Word for word, copy the records and drop the pictures.

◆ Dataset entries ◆

____

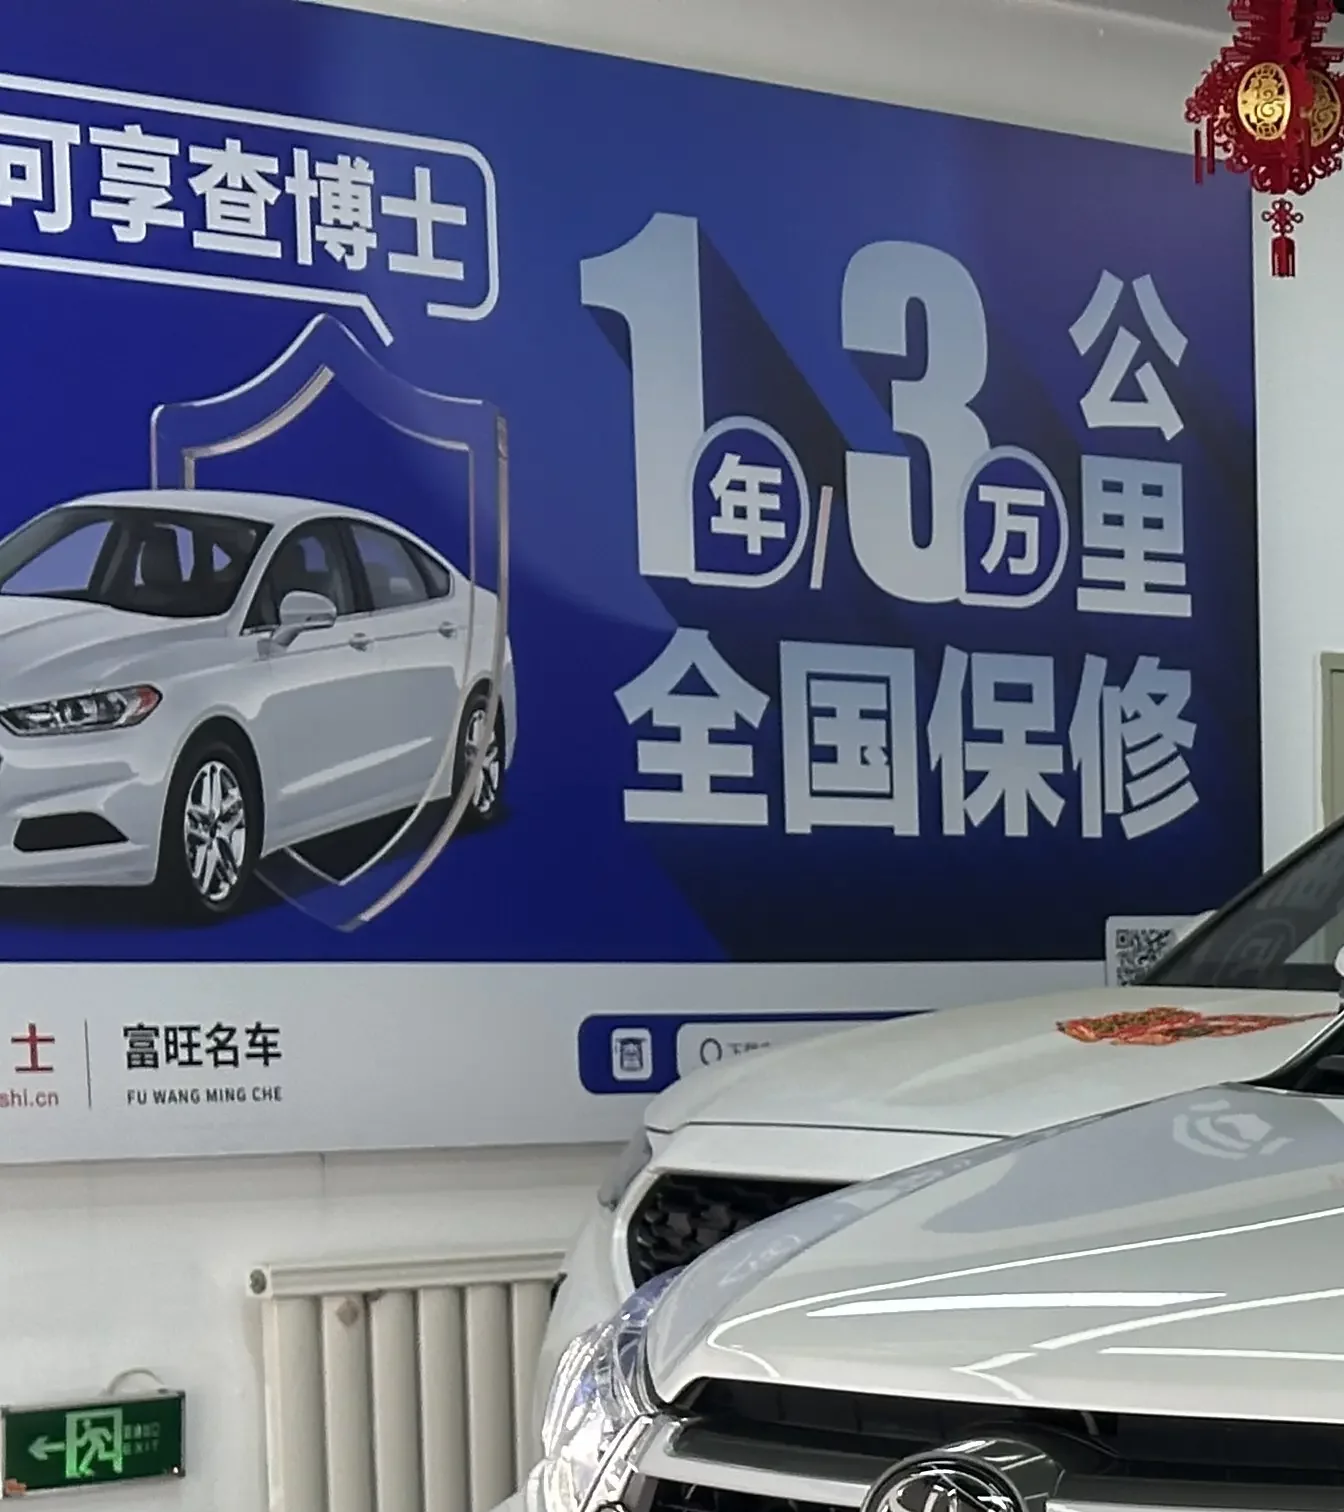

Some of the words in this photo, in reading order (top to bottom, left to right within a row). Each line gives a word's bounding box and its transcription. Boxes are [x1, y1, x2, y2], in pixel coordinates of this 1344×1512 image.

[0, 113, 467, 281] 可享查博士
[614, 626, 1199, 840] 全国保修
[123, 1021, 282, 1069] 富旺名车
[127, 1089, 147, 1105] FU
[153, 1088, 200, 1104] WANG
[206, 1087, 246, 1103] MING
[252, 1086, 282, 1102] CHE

____

◆ Response below ◆
Some of the words in this photo, in reading order (top to bottom, left to right within a row). Each line gives a word's bounding box and its transcription. Boxes are [x1, y1, x2, y2], in pixel coordinates of this 1344×1512 image.

[0, 113, 467, 281] 可享查博士
[614, 626, 1199, 840] 全国保修
[123, 1021, 282, 1069] 富旺名车
[127, 1089, 147, 1105] FU
[153, 1088, 200, 1104] WANG
[206, 1087, 246, 1103] MING
[252, 1086, 282, 1102] CHE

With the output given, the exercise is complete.